| Goal of the exercise |
Every entry below must be retyped exactly, and the pictures must be left out.

Data shown START

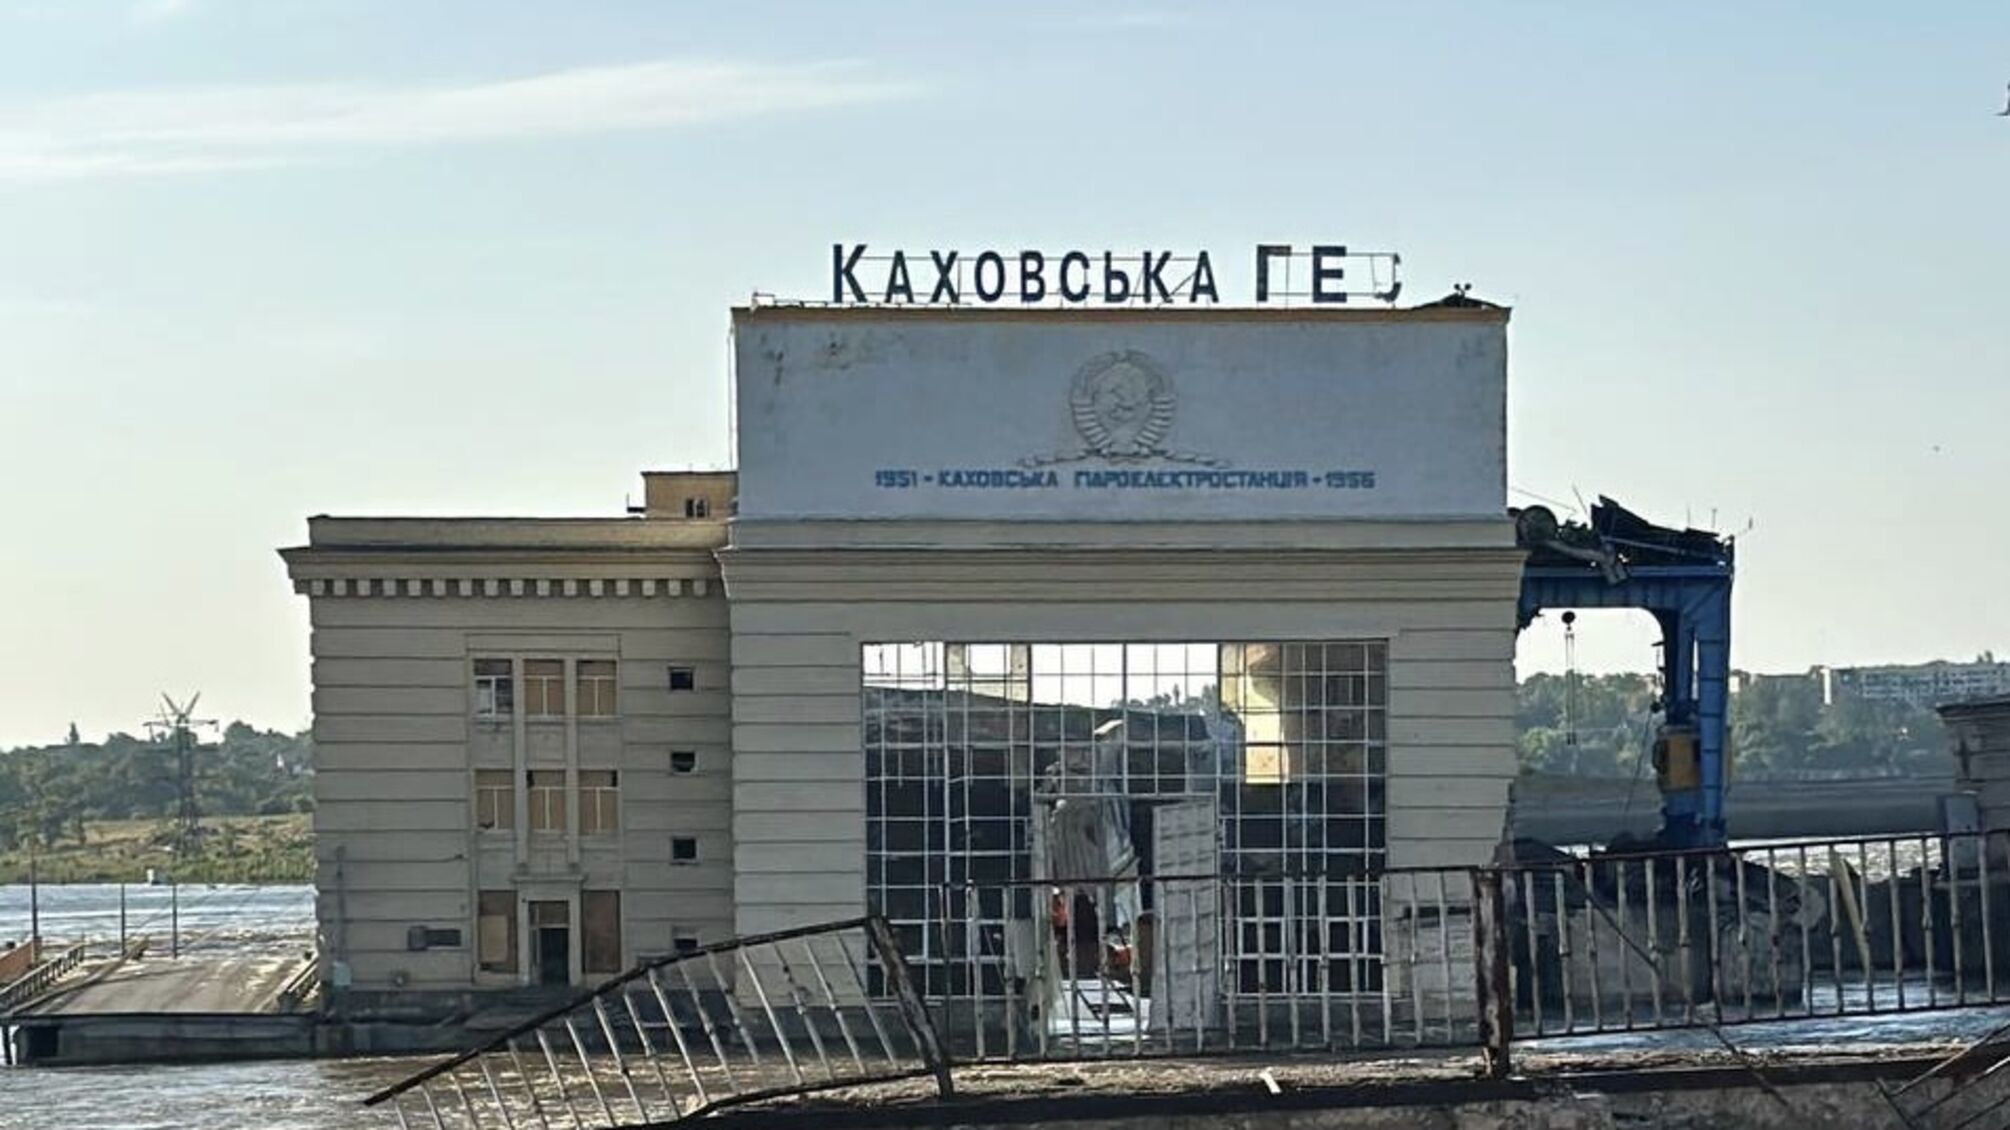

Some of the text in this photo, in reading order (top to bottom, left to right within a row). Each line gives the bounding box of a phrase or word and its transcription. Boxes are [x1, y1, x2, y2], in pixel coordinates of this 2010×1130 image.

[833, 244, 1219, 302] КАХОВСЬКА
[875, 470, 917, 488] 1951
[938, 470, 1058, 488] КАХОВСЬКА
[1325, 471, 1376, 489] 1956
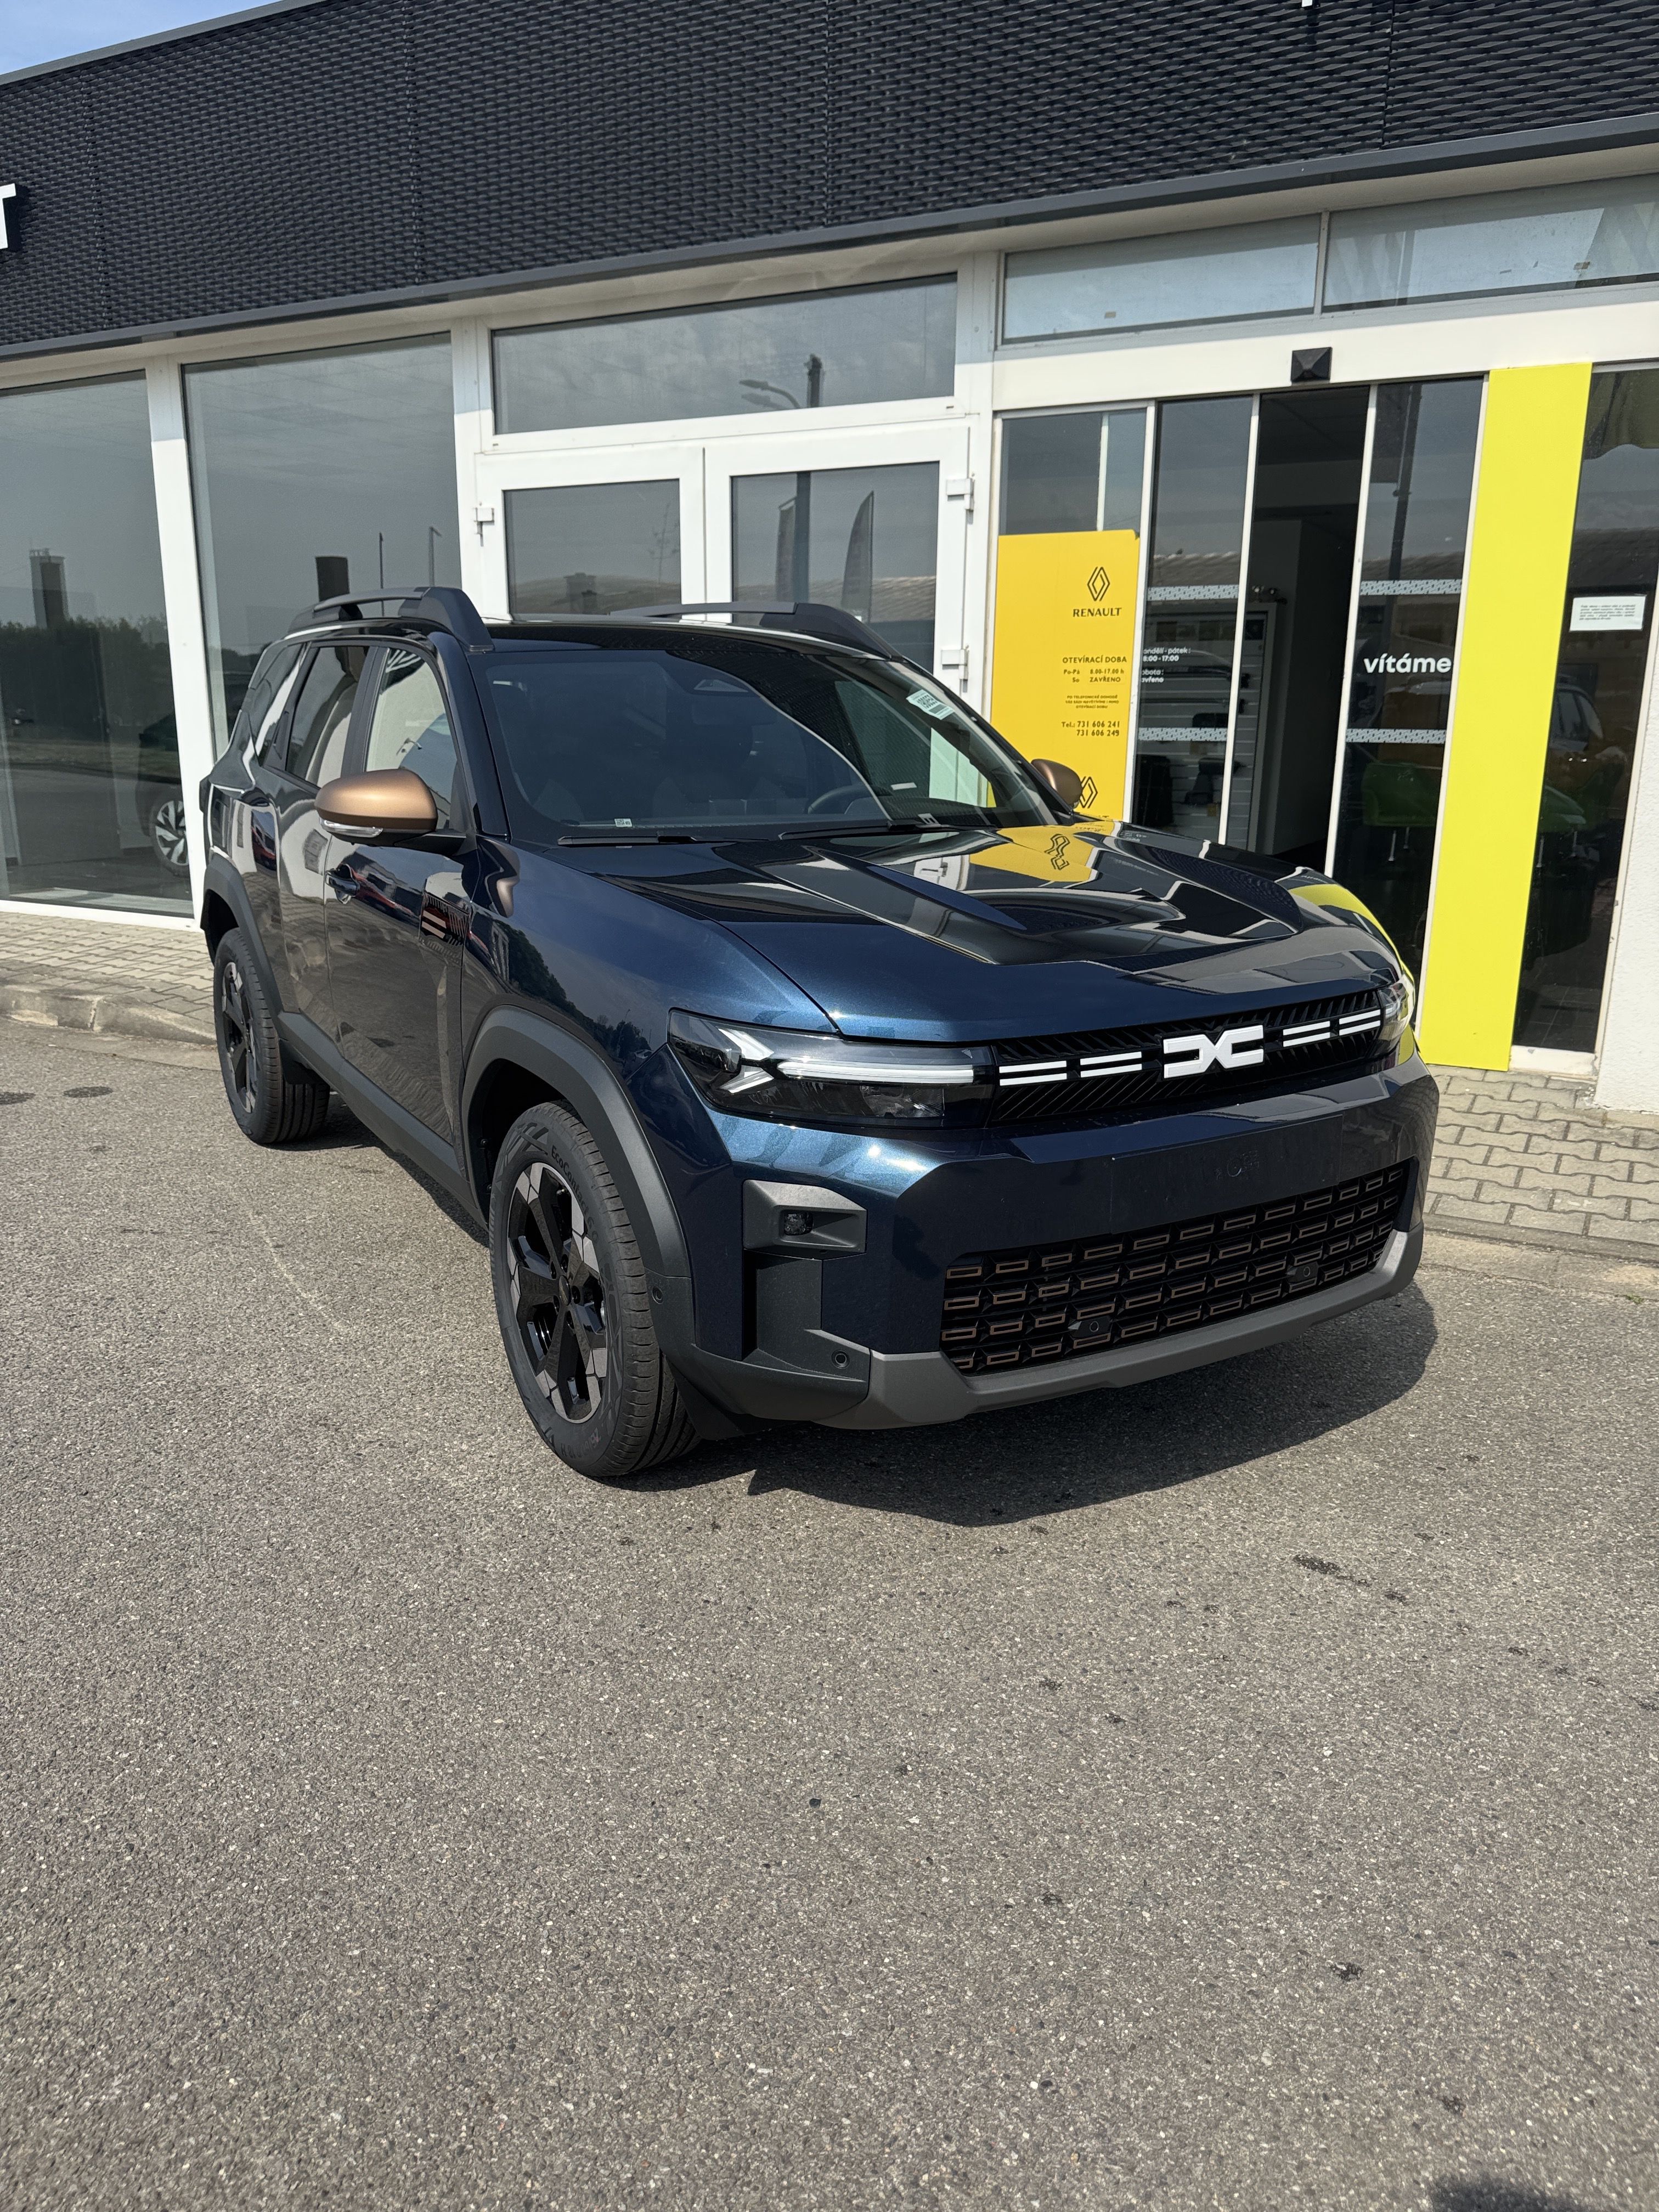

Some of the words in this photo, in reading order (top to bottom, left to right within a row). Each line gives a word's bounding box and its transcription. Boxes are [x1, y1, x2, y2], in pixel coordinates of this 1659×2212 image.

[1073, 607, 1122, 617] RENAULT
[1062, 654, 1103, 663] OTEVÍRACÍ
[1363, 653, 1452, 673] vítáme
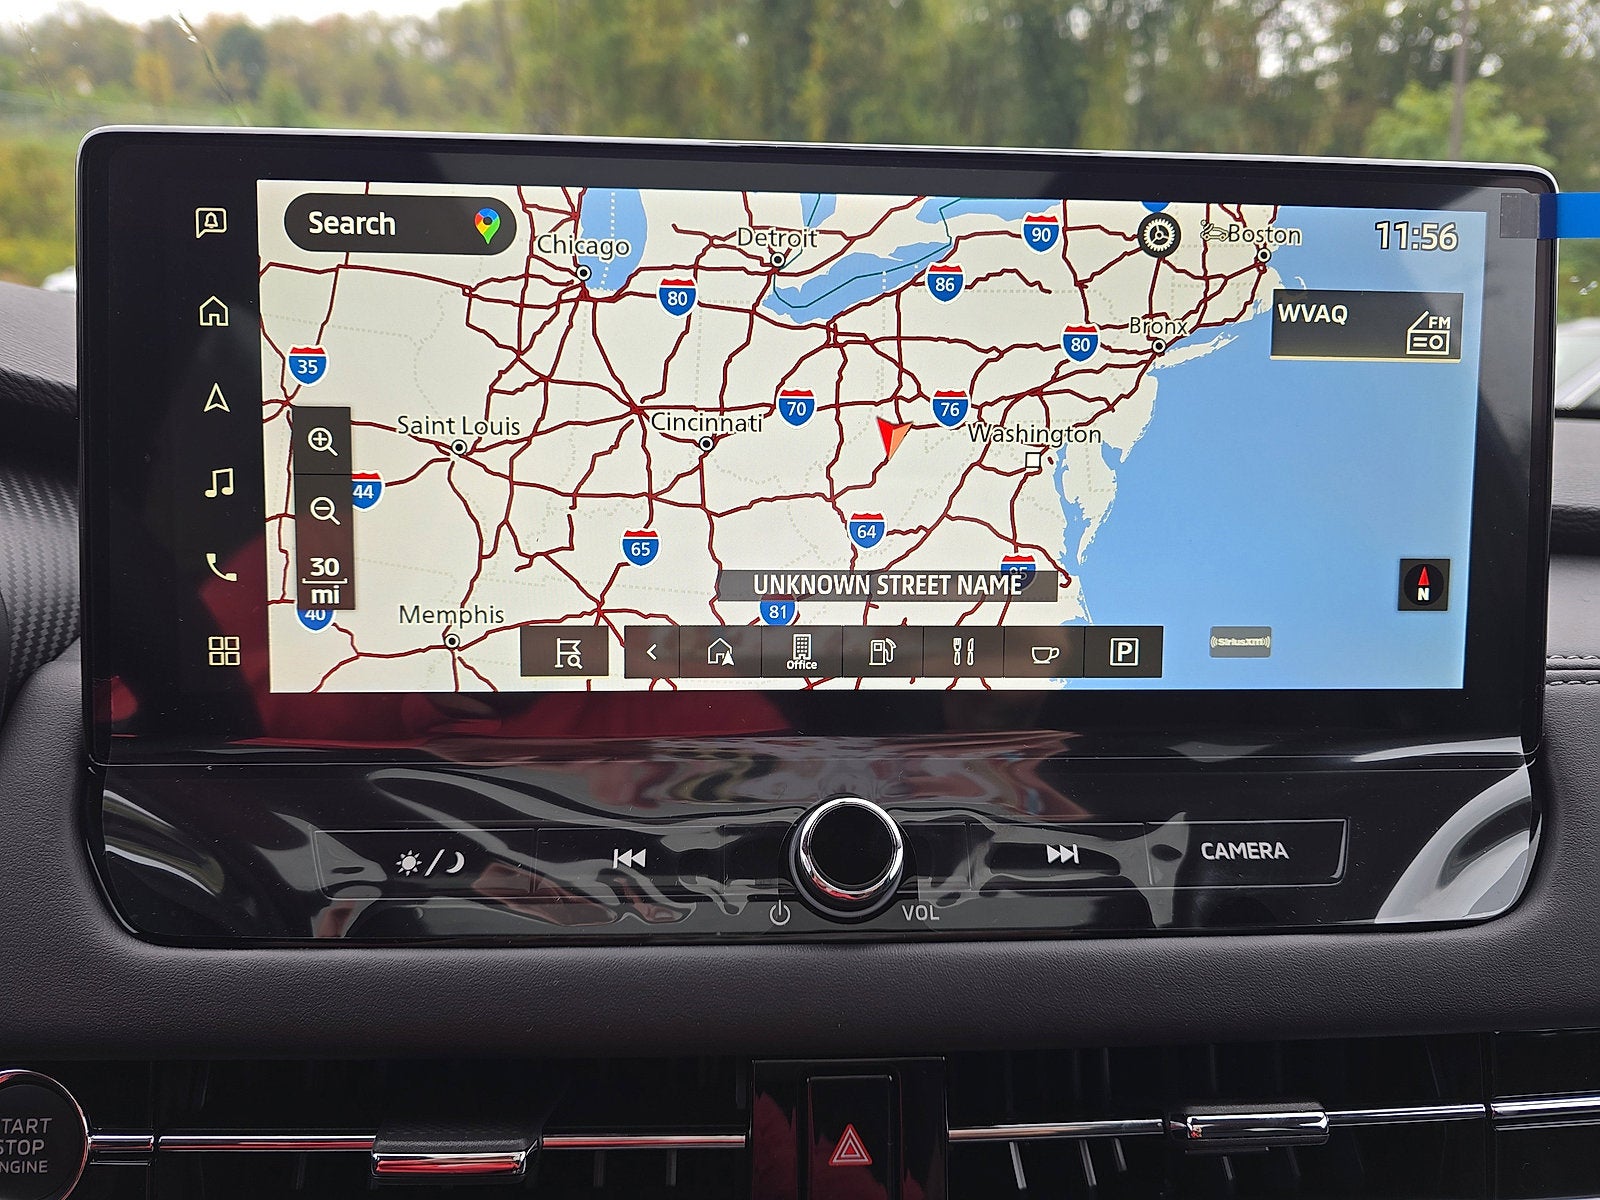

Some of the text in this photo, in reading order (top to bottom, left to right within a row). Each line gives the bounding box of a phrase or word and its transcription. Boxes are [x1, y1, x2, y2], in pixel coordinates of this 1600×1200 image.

Data shown END

| Worked solution |
Some of the text in this photo, in reading order (top to bottom, left to right within a row). Each line gives the bounding box of a phrase or word and its transcription. Boxes are [x1, y1, x2, y2], in pixel coordinates of this 2010×1130 image.

[833, 244, 1219, 302] КАХОВСЬКА
[875, 470, 917, 488] 1951
[938, 470, 1058, 488] КАХОВСЬКА
[1325, 471, 1376, 489] 1956

Some of the words in this photo, in reading order (top to bottom, left to right within a row). Each line gives a word's bounding box and its transcription. Boxes are [x1, y1, x2, y2], in pixel coordinates of this 1659×2212 image.

[1073, 607, 1122, 617] RENAULT
[1062, 654, 1103, 663] OTEVÍRACÍ
[1363, 653, 1452, 673] vítáme

Some of the text in this photo, in reading order (top to bottom, left to right within a row). Each line gives the bounding box of a phrase or word and its transcription. Boxes are [x1, y1, x2, y2], in pixel coordinates of this 1600×1200 image.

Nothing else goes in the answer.